On croise des personnages attachants. L’histoire d’amour entre Gino et Roxane est secondaire mais traverse tout le roman. On parcourt les fêtes foraines et les bals populaires. La musique est présente et on ressent la musicalité du texte en le lisant à voix haute. On plonge dans la France des Trente Glorieuses avec les pages de réclames insérées entre les chapitres. Ces publicités nous paraissent aujourd’hui totalement désuètes et misogynes. La société est alors en pleine mutation, autant dans le rapport homme-femme que dans les technologies. Le roman fourmille de personnages et de thèmes, toujours avec humour et tendresse. Une lecture à conseiller aux ados pour découvrir une autre époque où il fallait se rendre au café pour téléphoner au milieu de fumeurs !

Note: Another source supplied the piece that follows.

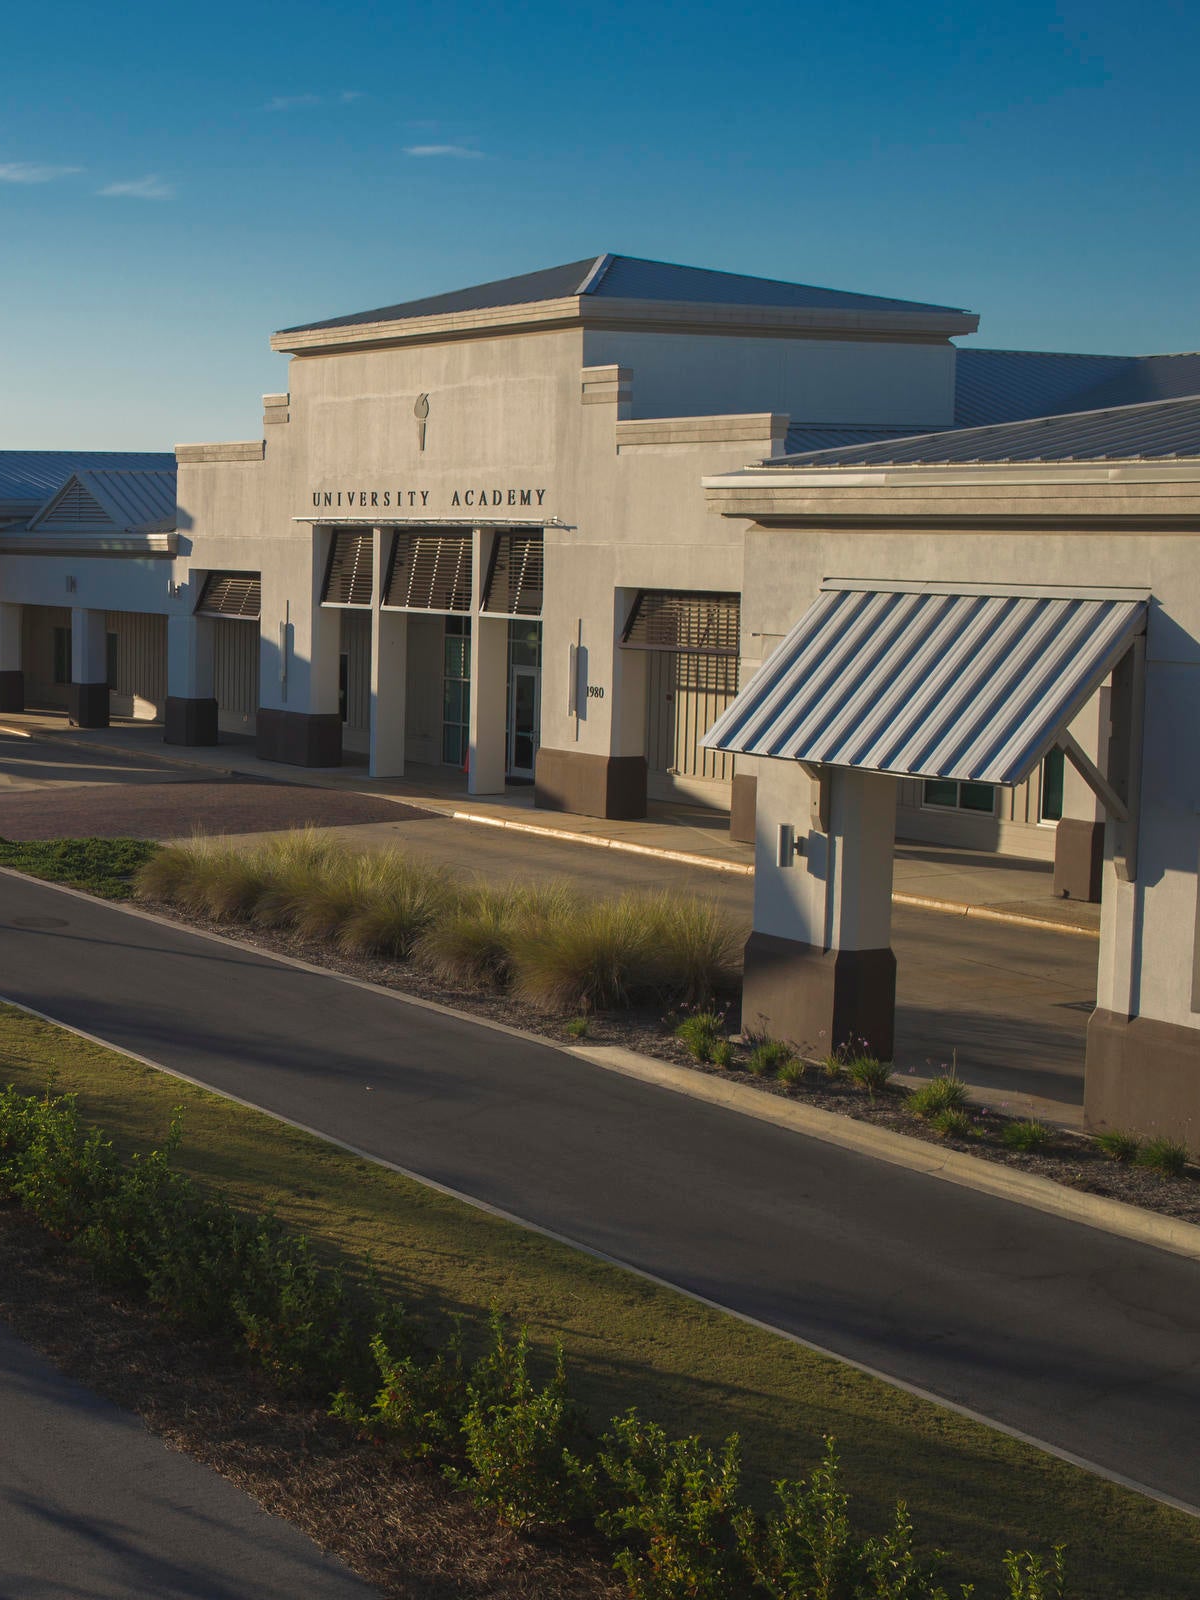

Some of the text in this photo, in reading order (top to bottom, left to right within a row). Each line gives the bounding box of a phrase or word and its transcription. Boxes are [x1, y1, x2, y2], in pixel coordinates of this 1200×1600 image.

[312, 489, 546, 507] UNIVERSITY ACADEMY
[586, 686, 604, 699] 1980

Est-ce que Gino va réaliser ses rêves ? réussir sa vie ? Il n’y a qu’une seule façon de le savoir, en lisant ce roman sur les invisibles.

Replay et podcast de la rencontre VLEEL à venir, où vous pourrez voir et entendre l’auteur lire deux extraits, accompagné de sa guitare. Ce sont toujours des moments magiques !

Note : 4.5 sur 5.

Incipit :
« Qu’est-ce qui fait une vie réussie ? Succès professionnel ? Succès amoureux ? Succès familial ? Amical ? Social ? Moral ?
J’ai longtemps cru que c’était une espèce de combinaison de tout cela. Une belle vie professionnelle et une famille aimante et souriante. Des pâtes dans l’assiette et un enfant dans le landau.
A l’adolescence, je me suis dit qu’une vie réussie était une vie qui changeait le monde ou, du moins, qui participait au progrès. »

« Gino n’a jamais eu conscience d’avoir offert à Jacques les meilleurs moments de sa vie. Des moments normaux. Des conversations sans jugement, des rires, des joies simples. »

« Mon enfance s’est achevée comme ça. Des étés très longs, des hivers très longs. Les années 1950 se terminaient, les années 1960 s’apprêtaient à débouler, tapies dans un angle du calendrier. Le monde continuait de changer à toute allure. Je le contemplais depuis la fenêtre de ma chambre. J’ai eu douze ans, j’ai eu treize ans, j’ai eu quatorze ans. Même champ, mêmes arbres, mêmes nuages paresseux dans le ciel. Et pourtant, partout ailleurs, c’était la course au progrès. On parlait d’acheter un téléviseur, un aspirateur, un lave-linge.
On nous disait qu’il fallait être heureux. Alors, on tâchait de l’être pour ne pas fâcher la vie. »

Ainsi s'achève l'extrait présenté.